(Free-text object descriptions)
------------------------------------

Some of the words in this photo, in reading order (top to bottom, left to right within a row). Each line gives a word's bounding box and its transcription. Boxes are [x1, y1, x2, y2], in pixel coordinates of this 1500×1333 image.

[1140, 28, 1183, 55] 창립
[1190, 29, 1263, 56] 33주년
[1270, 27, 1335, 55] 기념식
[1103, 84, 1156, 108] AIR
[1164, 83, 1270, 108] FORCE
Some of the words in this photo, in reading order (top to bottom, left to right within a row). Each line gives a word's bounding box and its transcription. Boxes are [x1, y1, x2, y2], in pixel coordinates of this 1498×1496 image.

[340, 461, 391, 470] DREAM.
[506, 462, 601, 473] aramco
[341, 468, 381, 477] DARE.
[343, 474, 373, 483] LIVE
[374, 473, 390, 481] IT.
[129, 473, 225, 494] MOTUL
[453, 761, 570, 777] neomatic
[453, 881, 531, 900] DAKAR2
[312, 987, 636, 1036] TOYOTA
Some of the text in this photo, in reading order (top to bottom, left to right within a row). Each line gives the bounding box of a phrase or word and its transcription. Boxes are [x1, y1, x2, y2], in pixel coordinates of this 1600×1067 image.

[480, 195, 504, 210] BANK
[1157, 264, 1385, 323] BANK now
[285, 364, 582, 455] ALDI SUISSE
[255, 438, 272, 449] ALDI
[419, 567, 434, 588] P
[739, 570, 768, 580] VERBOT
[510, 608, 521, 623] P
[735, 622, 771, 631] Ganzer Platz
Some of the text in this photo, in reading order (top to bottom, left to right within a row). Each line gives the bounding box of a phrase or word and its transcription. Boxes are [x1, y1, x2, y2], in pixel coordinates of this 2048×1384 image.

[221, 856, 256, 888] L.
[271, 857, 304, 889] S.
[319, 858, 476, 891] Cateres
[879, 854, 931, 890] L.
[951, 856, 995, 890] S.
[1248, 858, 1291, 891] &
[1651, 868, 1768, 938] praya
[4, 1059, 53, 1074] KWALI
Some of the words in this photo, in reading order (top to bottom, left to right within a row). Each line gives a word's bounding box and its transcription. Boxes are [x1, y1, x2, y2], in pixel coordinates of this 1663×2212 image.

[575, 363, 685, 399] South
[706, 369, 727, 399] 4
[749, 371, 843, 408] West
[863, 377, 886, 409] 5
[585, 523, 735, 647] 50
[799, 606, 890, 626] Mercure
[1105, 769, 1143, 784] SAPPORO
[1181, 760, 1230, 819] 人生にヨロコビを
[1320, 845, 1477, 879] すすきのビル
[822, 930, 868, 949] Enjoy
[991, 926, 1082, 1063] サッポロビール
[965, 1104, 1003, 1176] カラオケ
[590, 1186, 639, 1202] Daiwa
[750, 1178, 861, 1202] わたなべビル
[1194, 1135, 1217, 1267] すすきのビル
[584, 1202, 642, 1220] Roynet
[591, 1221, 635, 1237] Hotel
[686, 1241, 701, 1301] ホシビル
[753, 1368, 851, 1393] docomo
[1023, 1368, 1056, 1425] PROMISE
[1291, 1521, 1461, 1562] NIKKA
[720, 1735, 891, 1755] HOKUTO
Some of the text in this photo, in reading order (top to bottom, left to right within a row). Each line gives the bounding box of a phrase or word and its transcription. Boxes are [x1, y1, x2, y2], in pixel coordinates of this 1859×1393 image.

------------------------------------

— Your assignment —
Go through the entries and repeat each one exactly.

— Reply —
Some of the words in this photo, in reading order (top to bottom, left to right within a row). Each line gives a word's bounding box and its transcription. Boxes are [x1, y1, x2, y2], in pixel coordinates of this 1500×1333 image.

[1140, 28, 1183, 55] 창립
[1190, 29, 1263, 56] 33주년
[1270, 27, 1335, 55] 기념식
[1103, 84, 1156, 108] AIR
[1164, 83, 1270, 108] FORCE
Some of the words in this photo, in reading order (top to bottom, left to right within a row). Each line gives a word's bounding box and its transcription. Boxes are [x1, y1, x2, y2], in pixel coordinates of this 1498×1496 image.

[340, 461, 391, 470] DREAM.
[506, 462, 601, 473] aramco
[341, 468, 381, 477] DARE.
[343, 474, 373, 483] LIVE
[374, 473, 390, 481] IT.
[129, 473, 225, 494] MOTUL
[453, 761, 570, 777] neomatic
[453, 881, 531, 900] DAKAR2
[312, 987, 636, 1036] TOYOTA
Some of the text in this photo, in reading order (top to bottom, left to right within a row). Each line gives the bounding box of a phrase or word and its transcription. Boxes are [x1, y1, x2, y2], in pixel coordinates of this 1600×1067 image.

[480, 195, 504, 210] BANK
[1157, 264, 1385, 323] BANK now
[285, 364, 582, 455] ALDI SUISSE
[255, 438, 272, 449] ALDI
[419, 567, 434, 588] P
[739, 570, 768, 580] VERBOT
[510, 608, 521, 623] P
[735, 622, 771, 631] Ganzer Platz
Some of the text in this photo, in reading order (top to bottom, left to right within a row). Each line gives the bounding box of a phrase or word and its transcription. Boxes are [x1, y1, x2, y2], in pixel coordinates of this 2048×1384 image.

[221, 856, 256, 888] L.
[271, 857, 304, 889] S.
[319, 858, 476, 891] Cateres
[879, 854, 931, 890] L.
[951, 856, 995, 890] S.
[1248, 858, 1291, 891] &
[1651, 868, 1768, 938] praya
[4, 1059, 53, 1074] KWALI
Some of the words in this photo, in reading order (top to bottom, left to right within a row). Each line gives a word's bounding box and its transcription. Boxes are [x1, y1, x2, y2], in pixel coordinates of this 1663×2212 image.

[575, 363, 685, 399] South
[706, 369, 727, 399] 4
[749, 371, 843, 408] West
[863, 377, 886, 409] 5
[585, 523, 735, 647] 50
[799, 606, 890, 626] Mercure
[1105, 769, 1143, 784] SAPPORO
[1181, 760, 1230, 819] 人生にヨロコビを
[1320, 845, 1477, 879] すすきのビル
[822, 930, 868, 949] Enjoy
[991, 926, 1082, 1063] サッポロビール
[965, 1104, 1003, 1176] カラオケ
[590, 1186, 639, 1202] Daiwa
[750, 1178, 861, 1202] わたなべビル
[1194, 1135, 1217, 1267] すすきのビル
[584, 1202, 642, 1220] Roynet
[591, 1221, 635, 1237] Hotel
[686, 1241, 701, 1301] ホシビル
[753, 1368, 851, 1393] docomo
[1023, 1368, 1056, 1425] PROMISE
[1291, 1521, 1461, 1562] NIKKA
[720, 1735, 891, 1755] HOKUTO
Some of the text in this photo, in reading order (top to bottom, left to right within a row). Each line gives the bounding box of a phrase or word and its transcription. Boxes are [x1, y1, x2, y2], in pixel coordinates of this 1859×1393 image.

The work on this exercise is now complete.